[[ DATA LISTING open ]]

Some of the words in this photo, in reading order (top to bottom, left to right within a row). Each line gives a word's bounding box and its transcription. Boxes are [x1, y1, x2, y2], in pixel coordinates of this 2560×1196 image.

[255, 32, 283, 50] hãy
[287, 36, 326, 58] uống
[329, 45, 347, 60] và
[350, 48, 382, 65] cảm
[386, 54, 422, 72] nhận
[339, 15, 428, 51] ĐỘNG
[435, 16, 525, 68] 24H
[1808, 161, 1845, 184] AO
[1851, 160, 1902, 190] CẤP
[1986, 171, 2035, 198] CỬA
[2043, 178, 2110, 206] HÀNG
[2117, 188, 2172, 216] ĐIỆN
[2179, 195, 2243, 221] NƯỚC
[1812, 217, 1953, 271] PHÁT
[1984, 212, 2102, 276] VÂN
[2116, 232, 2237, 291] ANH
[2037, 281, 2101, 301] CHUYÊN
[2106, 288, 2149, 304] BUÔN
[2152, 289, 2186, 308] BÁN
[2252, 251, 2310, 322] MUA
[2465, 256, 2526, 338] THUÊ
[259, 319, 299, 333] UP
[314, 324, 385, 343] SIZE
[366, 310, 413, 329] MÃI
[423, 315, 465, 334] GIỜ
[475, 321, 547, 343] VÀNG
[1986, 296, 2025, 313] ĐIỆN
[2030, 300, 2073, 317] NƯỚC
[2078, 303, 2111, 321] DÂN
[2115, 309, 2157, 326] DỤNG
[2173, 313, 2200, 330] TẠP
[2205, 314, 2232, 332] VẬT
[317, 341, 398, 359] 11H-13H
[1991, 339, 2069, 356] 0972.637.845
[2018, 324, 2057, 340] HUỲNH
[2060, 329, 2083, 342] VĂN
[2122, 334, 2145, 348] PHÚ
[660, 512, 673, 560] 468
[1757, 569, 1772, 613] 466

[[ DATA LISTING closed ]]

AIM OF THE TASK –
Word for word, copy the material above.

RESPONSE TO THE TASK –
Some of the words in this photo, in reading order (top to bottom, left to right within a row). Each line gives a word's bounding box and its transcription. Boxes are [x1, y1, x2, y2], in pixel coordinates of this 2560×1196 image.

[255, 32, 283, 50] hãy
[287, 36, 326, 58] uống
[329, 45, 347, 60] và
[350, 48, 382, 65] cảm
[386, 54, 422, 72] nhận
[339, 15, 428, 51] ĐỘNG
[435, 16, 525, 68] 24H
[1808, 161, 1845, 184] AO
[1851, 160, 1902, 190] CẤP
[1986, 171, 2035, 198] CỬA
[2043, 178, 2110, 206] HÀNG
[2117, 188, 2172, 216] ĐIỆN
[2179, 195, 2243, 221] NƯỚC
[1812, 217, 1953, 271] PHÁT
[1984, 212, 2102, 276] VÂN
[2116, 232, 2237, 291] ANH
[2037, 281, 2101, 301] CHUYÊN
[2106, 288, 2149, 304] BUÔN
[2152, 289, 2186, 308] BÁN
[2252, 251, 2310, 322] MUA
[2465, 256, 2526, 338] THUÊ
[259, 319, 299, 333] UP
[314, 324, 385, 343] SIZE
[366, 310, 413, 329] MÃI
[423, 315, 465, 334] GIỜ
[475, 321, 547, 343] VÀNG
[1986, 296, 2025, 313] ĐIỆN
[2030, 300, 2073, 317] NƯỚC
[2078, 303, 2111, 321] DÂN
[2115, 309, 2157, 326] DỤNG
[2173, 313, 2200, 330] TẠP
[2205, 314, 2232, 332] VẬT
[317, 341, 398, 359] 11H-13H
[1991, 339, 2069, 356] 0972.637.845
[2018, 324, 2057, 340] HUỲNH
[2060, 329, 2083, 342] VĂN
[2122, 334, 2145, 348] PHÚ
[660, 512, 673, 560] 468
[1757, 569, 1772, 613] 466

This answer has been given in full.